Situated on Cook’s Bay along the north shore of the island of Mo’orea, the University of California Gump Research Station is a premiere field station where scientists conduct critical research on the coral reefs and the many marine species that make their home in the warm waters of French Polynesia.

Much of the work being done at Gump Research Station is led by UC Santa Barbara scientists, many of whom are seeking to understand how global change and other disturbances are impacting coral reef health. In 2004, the National Science Foundation established the Mo’orea Coral Reef Long Term Ecological Research (MCR LTER) site with ecology professors Sally Holbrook and Russ Schmitt as principal investigators.

“These kinds of field stations are really the observatories for global change science and sustainability science”
—Russ Schmitt, Ecology, Evolution and Marine Biology, UC Santa Barbara

Long Term Ecological Research

For three decades, ecologists Sally Holbrook and Russ Schmitt have been studying the coral reef complex that surrounds the island of Mo’orea, French Polynesia, seeking to understand what drives ecological change in natural systems. Specialists in population and community dynamics, they are co-principal investigators with the Mo’orea Coral Reef Long Term Ecological Research (MCR LTER) site.

When in the field, MCR LTER researchers are based at the University of California Gump Research Station on Mo’orea. The field station gives scientists the unique opportunity to study the coral reefs surrounding Mo’orea in real time, contributing new knowledge while drawing from the trove of data that has been collected over 30 years. Together, they are working to find answers to some of the most pressing global questions of our time.
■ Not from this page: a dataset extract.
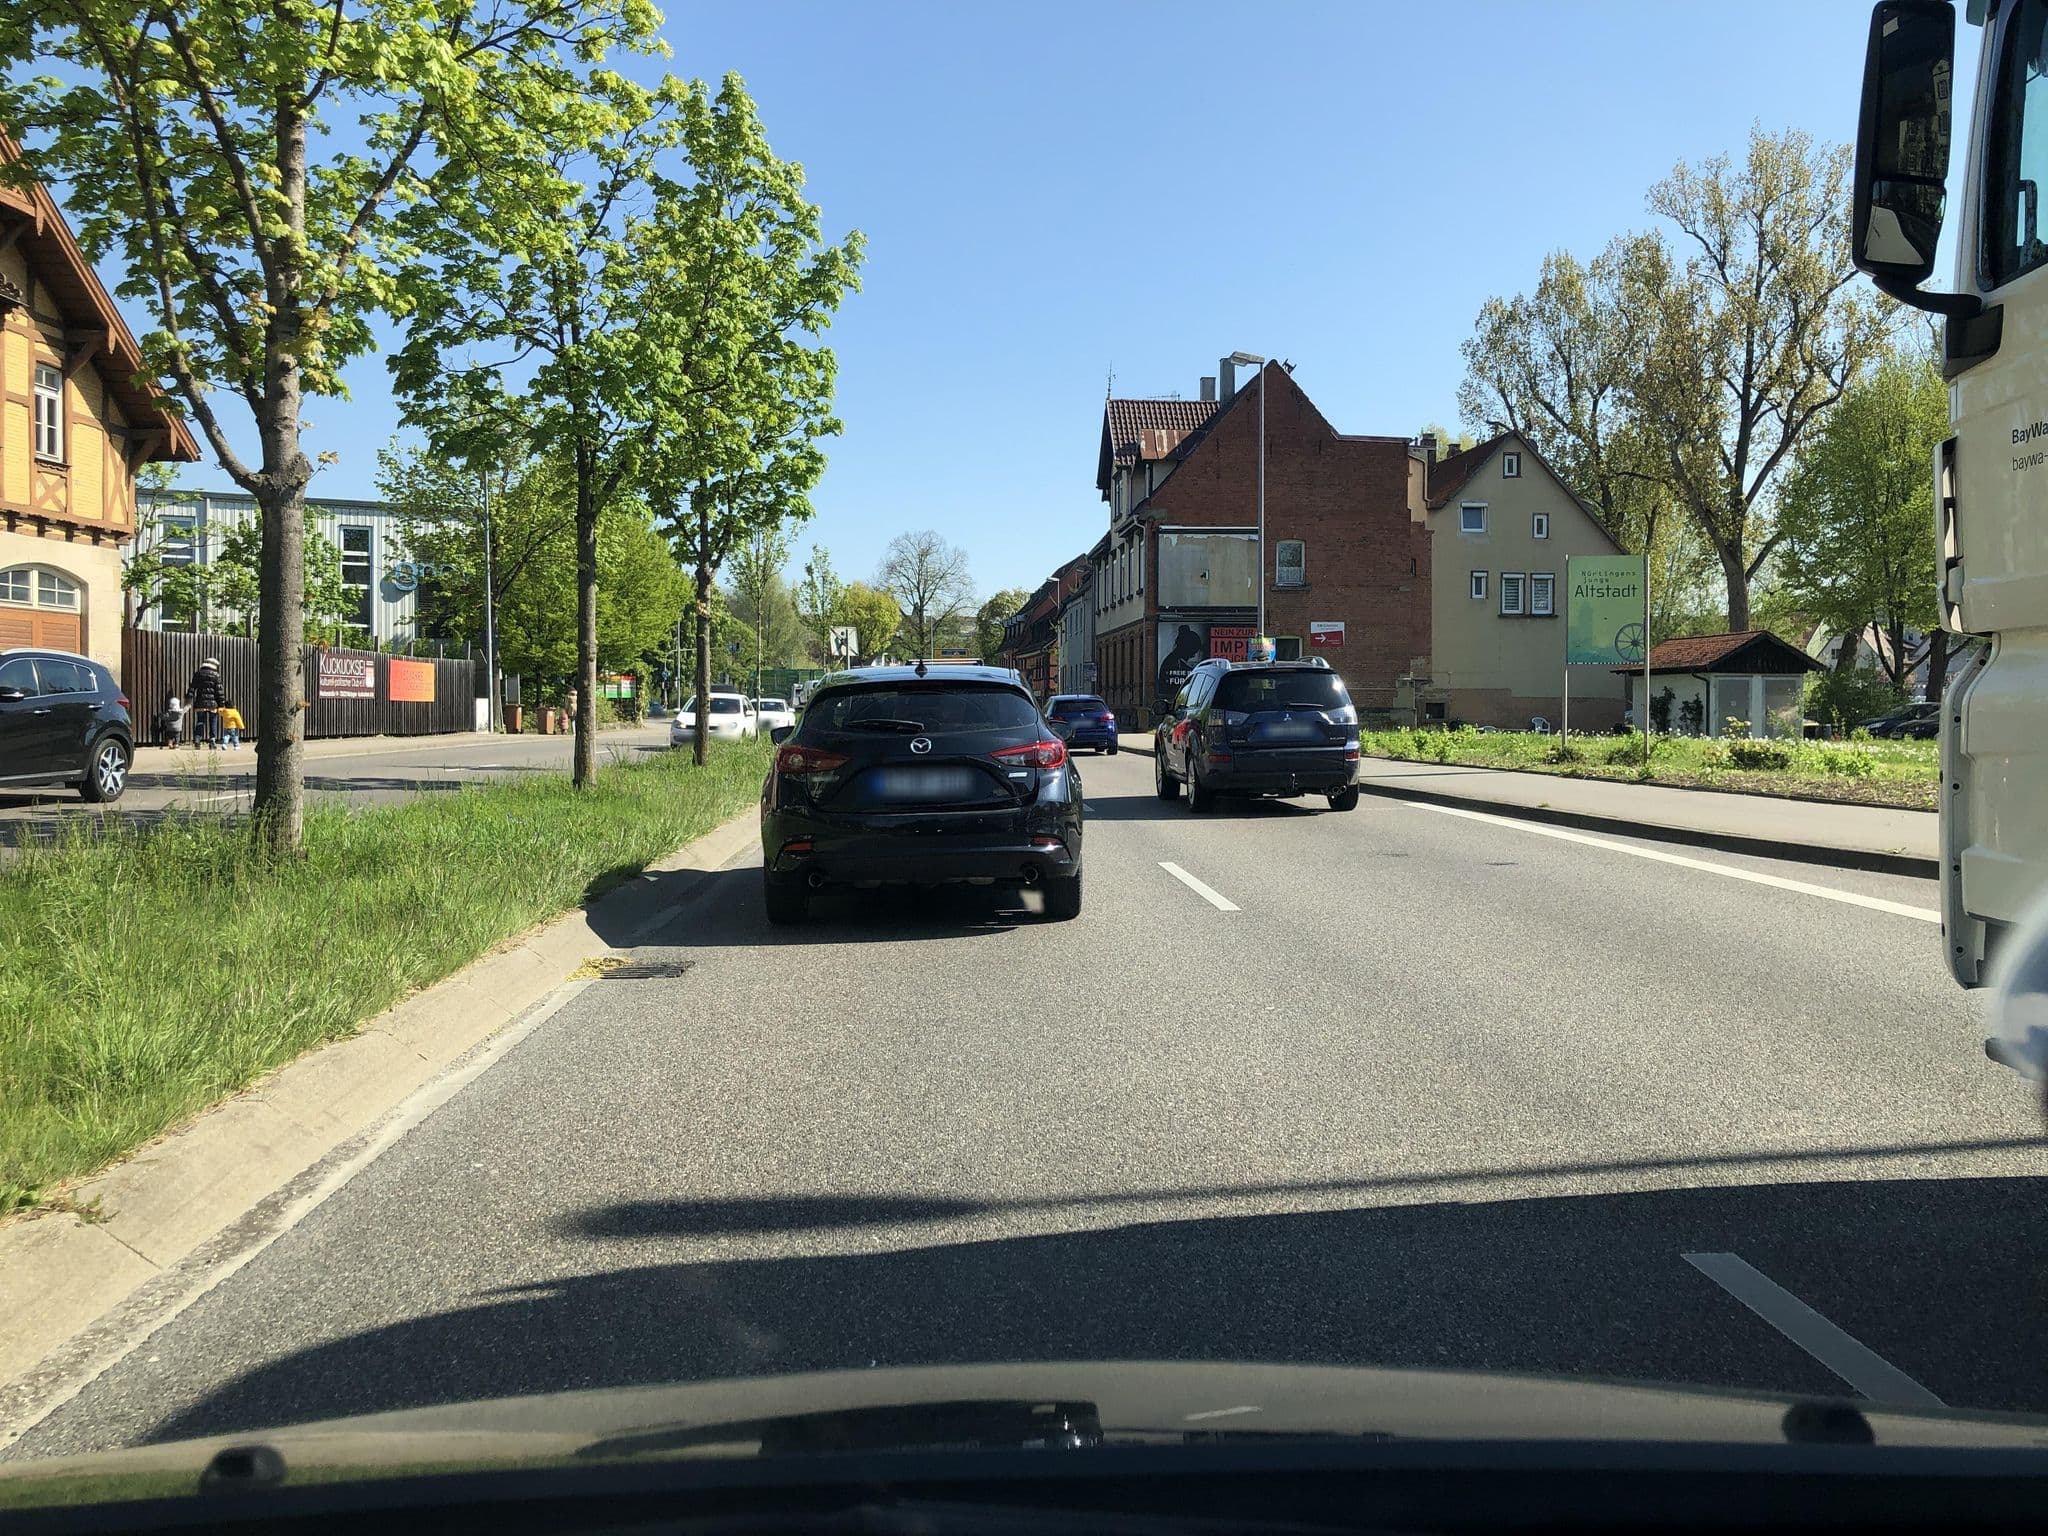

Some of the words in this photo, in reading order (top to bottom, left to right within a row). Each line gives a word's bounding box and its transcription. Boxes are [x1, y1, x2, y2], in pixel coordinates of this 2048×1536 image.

“Coral reefs are one of the most diverse ecosystems on the planet.”
—Deron Burkepile, Ecology, Evolution and Marine Biology, UC Santa Barbara

Coral Reef Research

Corals are marine invertebrates that live in communities of hundreds to thousands of identical, individual soft-bodied polyps. Each of these polyps secretes calcium carbonate, which collectively creates the hard outer skeleton that gives coral its familiar appearance. That skeletal structure provides a habitat for a host of other species, including fish and other invertebrates.

Coral reefs support more species per unit area than any other marine environment, and that makes them key to the health of the planet. They occupy much less than 1% of all marine habitat, but are home to as much as a third of all marine species.

In addition, coral reefs are critical to the millions of people who depend on them for food or as a means of livelihood through fishing and tourism, and to those who count on them as physical barriers that protect shorelines from damage caused by currents, waves and tropical storms.

Much of the research conducted at Gump Research Station examines the resilience of Mo’orea’s coral reef systems and their resident species in the face of disturbances such as ocean temperature spikes.

“It’s one of the most amazing experiences.”
—Nury Molina, Ph.D. student, Ecology, Evolution & Marine Biology, UC Santa Barbara

Graduate Student Experience

Graduate student are conducting research on coral reefs that ranges from how herbivory controls algae that compete with corals to whether and how well fish adapt to rising sea water temperatures. All are making major contributions to our understanding of coral reef ecosystems and how they are responding to the impacts of global change and human activity.

For some, Gump Research Station is not their first field station experience, but it’s the most valuable.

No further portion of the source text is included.